Obtaining Boundary Conditions
- Explain the boundary condition methodology. What is the interpolation method?
- Were the quality and quantity of data enough to obviate the need for a GOM model run?
- One suggestion to test the adequacy of the boundary condition interpolation is to subtract data and see if the MatLab program can replicate the results.
- Is table 4-1 specific for temperature and salinity data?
- · Explain how the timing of the boundary conditions may be modified (page 4-7, paragraph 3). MEG recommendation #2 dated 6/13/00 regarding spatial resolution is relevant here (MEG report located at: http://www.epa.gov/region1/omsap/meg1299.html).
Changes from Previous Model Runs
- Document all changes from previous years' runs.
- Were heat flux and boundary interpolation the only changes?
- Describe the effect of these changes.
- What parts of the model were added by HydroQual?
- Compare model results before and after any changes. This could be done using schematic diagrams or a list, whichever is less time consuming.
Posterity and Thorough Documentation
- This report could evolve to become the definitive description of the use of the Hydrodynamic Model. Therefore it would be useful to excerpt other reports rather than just use citations. HydroQual can add these sections as an appendix or as part of the main text.
- The appendix of monthly boundary station locations is useful but it is not possible to determine if there has been a significant change in available data compared to earlier model runs. Please provide this information for the planned addendum to the 1992-94 report.
- Table and figure legends need to be more explicit.
- What is meant by "realistic" on page 2-1, line 5?
- Please clarify "For this study, Zo was assumed to be uniform throughout the domain ." (page 2-4, line 4 from bottom). Does this mean Zo can be varied?

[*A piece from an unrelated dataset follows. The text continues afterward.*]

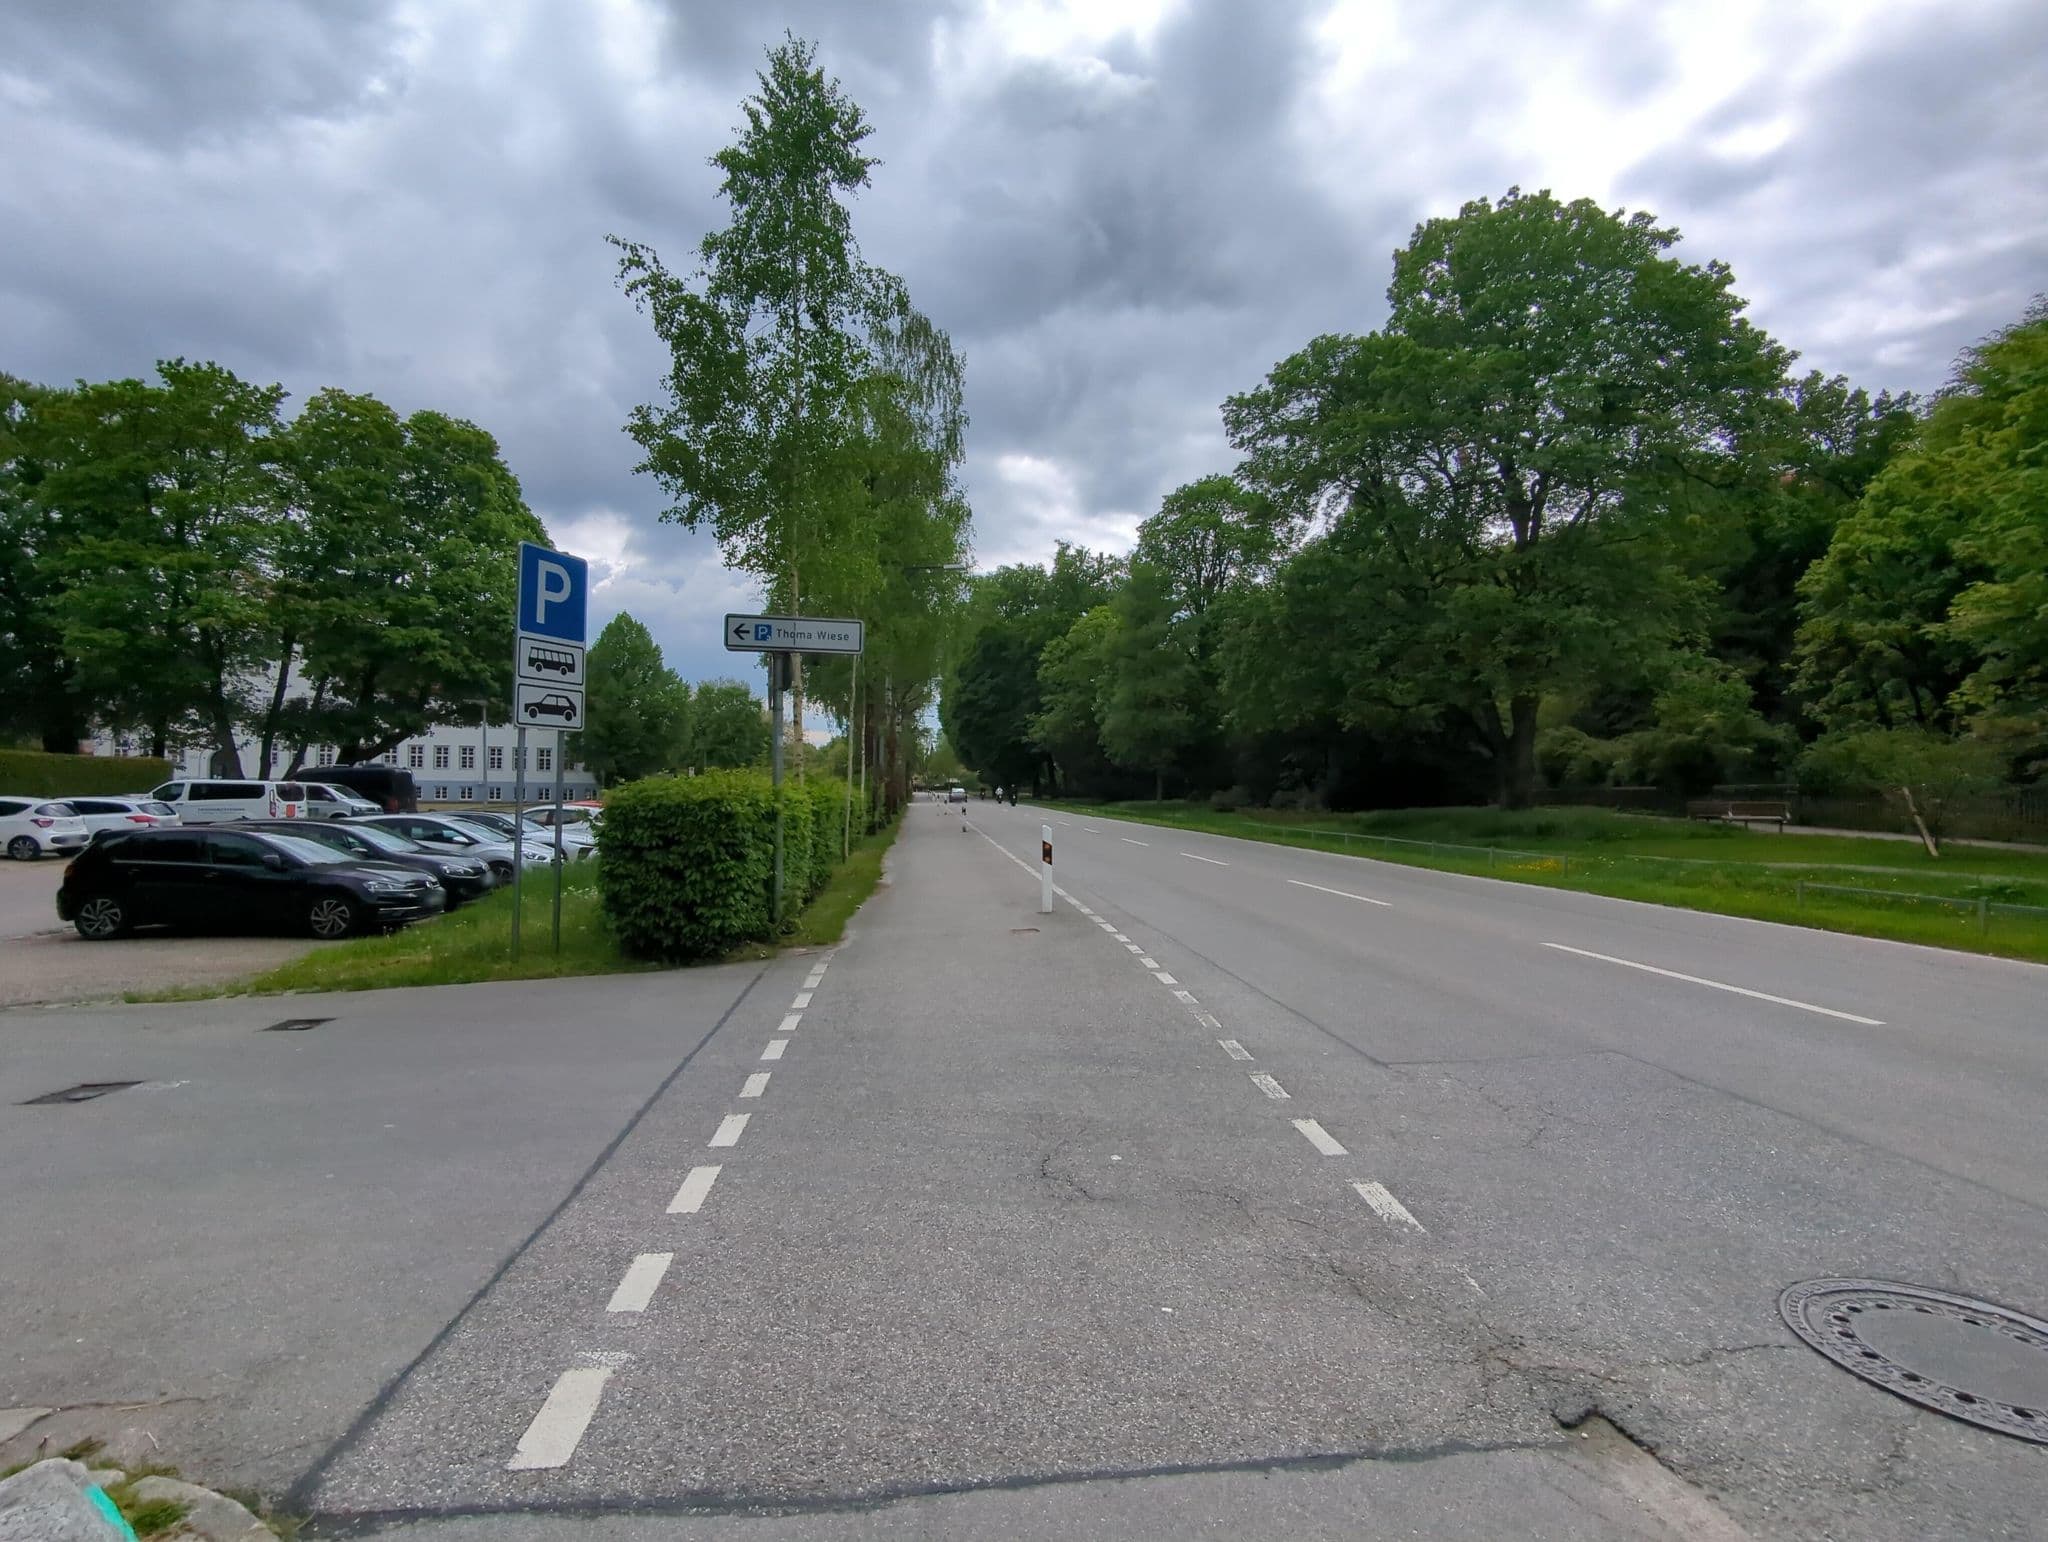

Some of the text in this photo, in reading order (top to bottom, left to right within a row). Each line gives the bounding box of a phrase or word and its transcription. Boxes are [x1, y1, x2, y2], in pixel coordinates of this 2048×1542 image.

- How was the number for Zo determined? Most drag coefficients are stated at 1m above the surface. Was the Zo number chosen to produce more realistic tides?
- Provide a more detailed specification of the temporal and spatial variability of the open ocean boundary conditions including the flow field.
- Is http://crusty.er.usgs.gov/mbayospen/mbayopen.html identical to the Signell citation you listed or should it be added?
- Provide a list or table like the sample below of all the model
inputs and highlight those that can be subjectively adjusted:
Example: Description of model input variables
- Zo is fixed at 0.003. This value was chosen to provides realistic tides.
- Wind stress is measured every hour and assumed to be spatially uniform.
- Solar radiation is measured every hour and assumed to be spatially uniform.
- Boundary values of temperature and salinity are specified at monthly intervals and linearly interpolated from mid-month to mid-month. The monthly value may be adjusted to improve model fit.
- Which parameters are adjustable and which are not?
- Are any boundary conditions subjectively adjusted?
- Can the velocity field be adjusted?
- Were any of the subjective steps transferred from USGS or changed?
Transfer from USGS
- The MEG believes it is important to learn more about the transfer of the Hydrodynamic Model from USGS to HydroQual. Describe the handoff, including what was actually transferred to HydroQual.
- Request that Rich Signell (USGS) review the next draft of this report if he is to be kept as an author.
Results versus Data
- How do we know when the model is good enough?
- With the limited information presented in this report, the MEG cannot determine whether this model run was better or worse than previous ones. Please include more comparisons in the next draft.
- How close were prior runs? Demonstrate this by including some of the previous figures for the same stations. What is the skill of the present model with present conditions compared to the skill of the previous model with previous conditions? This information will help the MEG address the questions listed on page 4-9.
- What are the vertical lines in figures 3-5 and 3-6? Also note the reversed legends in some figures.